[Items from a data source]
□ □ □ □
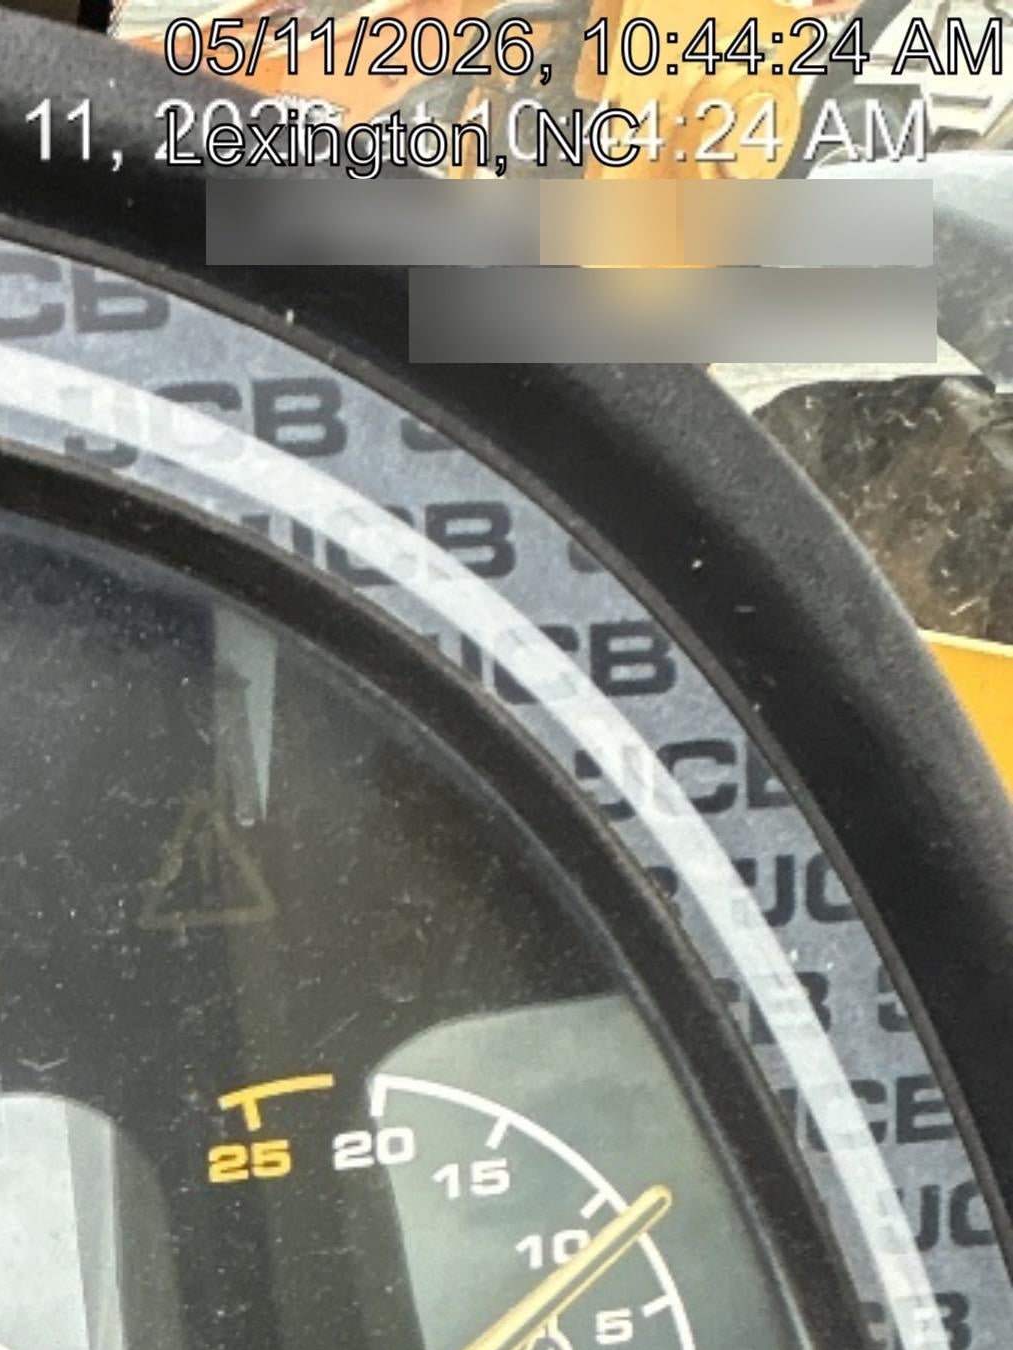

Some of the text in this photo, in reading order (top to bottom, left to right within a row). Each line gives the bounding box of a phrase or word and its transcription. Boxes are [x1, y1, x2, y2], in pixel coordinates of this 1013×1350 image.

[207, 1139, 292, 1184] 25
[332, 1127, 416, 1171] 20
[433, 1159, 511, 1199] 15
[515, 1228, 590, 1271] 10
[595, 1309, 634, 1344] 5
□ □ □ □
Strip out the images, then output the records above word for word.

**Task result:**
Some of the text in this photo, in reading order (top to bottom, left to right within a row). Each line gives the bounding box of a phrase or word and its transcription. Boxes are [x1, y1, x2, y2], in pixel coordinates of this 1013×1350 image.

[207, 1139, 292, 1184] 25
[332, 1127, 416, 1171] 20
[433, 1159, 511, 1199] 15
[515, 1228, 590, 1271] 10
[595, 1309, 634, 1344] 5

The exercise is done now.